Tania : La relation client a toujours été une fonction revenue chez Aircall, et pas une fonction support. La première chose que l’on a faite a été de regarder la data : 20% de nos clients représentaient 80 % de nos revenus, ce qui est très classique. On s’est concentré sur sécuriser et faire grandir ces comptes. On avait une culture sales même en customer success dès le début et l’expansion a toujours été une north star pour l’équipe.
On s’est ensuite concentré sur les sujets d’onboarding et d’activation des comptes, qu’on a structuré pour avoir un flow clair par rapport aux Sales. On a ensuite voulu unifier la relation client au niveau monde et c’est là où j’ai été promue VP et j’ai repris l’équipe relation client aux US également.
Gabriel : Est-ce qu’il y a eu un vrai gap entre ton passage de Head of à VP en 2018 ?
Tania : Oui, c’était un vrai step !
D’abord, on a unifié les équipes Customer Success, Onboarding et Support aux US et Europe, et on est passé de 10 à 40 personnes. C’était un enjeu clé car c’était une des rares équipes cross-géographie d’Aircall.
Je suis passée d’un rôle de Head of avec des Leads à manager à un rôle de VP qui gère des managers, couvrant plusieurs géographies et plusieurs verticales. J’ai dû apprendre à recruter des profils plus seniors que moi.
Je suis également rentrée au Comex où on était 2 femmes et parmi les plus jeunes. Et c’est là où j’ai découvert les sujets de gouvernance et de relations avec les investisseurs.
En parallèle, la boîte continue de grossir et on atteint 300 personnes, ce qui apporte de nouvelles problématiques de feedback et de scale.
Gabriel : Qu’as-tu préféré dans ces 4 années chez Aircall ?
Tania : La liberté que l’on avait tant que les résultats étaient là. C’est cette philosophie qui m’a permis d’apprendre énormément et de passer de stagiaire à VP en seulement 3 ans. En rejoignant le board j’ai pu accéder à la gouvernance de l’entreprise, j’ai appris énormément sur cette dimension également.
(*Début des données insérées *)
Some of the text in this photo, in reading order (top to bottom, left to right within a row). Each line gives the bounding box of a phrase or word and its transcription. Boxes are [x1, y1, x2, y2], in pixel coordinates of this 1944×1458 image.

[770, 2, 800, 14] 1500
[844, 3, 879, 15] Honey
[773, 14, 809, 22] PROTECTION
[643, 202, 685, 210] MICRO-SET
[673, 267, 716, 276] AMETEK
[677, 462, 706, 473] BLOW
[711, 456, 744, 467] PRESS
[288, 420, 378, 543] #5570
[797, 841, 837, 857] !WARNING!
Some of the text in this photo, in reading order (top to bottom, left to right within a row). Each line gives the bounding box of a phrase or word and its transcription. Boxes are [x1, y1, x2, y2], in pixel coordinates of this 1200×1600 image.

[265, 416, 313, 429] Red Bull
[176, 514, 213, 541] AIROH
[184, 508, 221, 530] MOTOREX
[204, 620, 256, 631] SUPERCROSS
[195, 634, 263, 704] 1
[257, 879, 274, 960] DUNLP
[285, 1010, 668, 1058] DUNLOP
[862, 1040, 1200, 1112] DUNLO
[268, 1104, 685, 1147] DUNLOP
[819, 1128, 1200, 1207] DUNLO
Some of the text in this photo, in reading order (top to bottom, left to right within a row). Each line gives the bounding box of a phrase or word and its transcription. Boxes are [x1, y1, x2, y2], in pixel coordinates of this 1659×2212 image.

Ensuite l’hyper croissance. Ce n’est pas fait pour tout le monde, clairement, mais j’ai adoré voir en si peu de temps Aircall franchir toutes ces étapes, et de pouvoir jouer un rôle aussi important en construisant un département. La vitesse à laquelle on allait permettait aussi de voir très rapidement ce qui nous plaisait ou pas, ce qui est très utile pour trouver vite sa voie.
Et finalement le plaisir de construire quelque chose ensemble. On était tous jeunes. On bossait dur mais on s’éclatait et célébrait chaque victoire.
Gabriel : Et à l’inverse, qu’est ce qui t’a le plus déplu ?
Tania : La violence qui vient avec l’hyper-croissance. Il n’y a pas de break et on peut se consumer. Personnellement c’est une phase que je vis bien car je suis prête à faire les sacrifices qui viennent avec. Ce type de croissance te pousse à être toujours dans l’immédiat, alors que l’organisation doit apprendre à penser long-terme.
J’ai entrepris pour retrouver de l’opérationnel et de l’action à un moment où mon quotidien était pris par le management et la gouvernance, ce qui ne me convenait pas vraiment à 28 ans.
Gabriel : Aujourd’hui tu construis ton entreprise, Jurnee. Quel impact a eu ton parcours chez Aircall ?
Tania : Je voulais entreprendre avant de rejoindre Aircall et c’était vraiment une super école : de la recherche du PMF, au scale à la gouvernance. D’ailleurs je suis pas là seule des anciens à m’être lancée !
Ca m’a aussi permis de voir de l’intérieur un problème qui est de plus en plus important pour les entreprises : comment construire des équipes fortes dans un monde hybride et international.
Pour nous cela passait par des fortes relations humaines qui étaient construites grâce à des événements d’équipes. Cela a toujours fait partie de la culture et beaucoup d’entreprises remote le font aussi depuis très longtemps comme Zapier, Buffer ou encore Automattic.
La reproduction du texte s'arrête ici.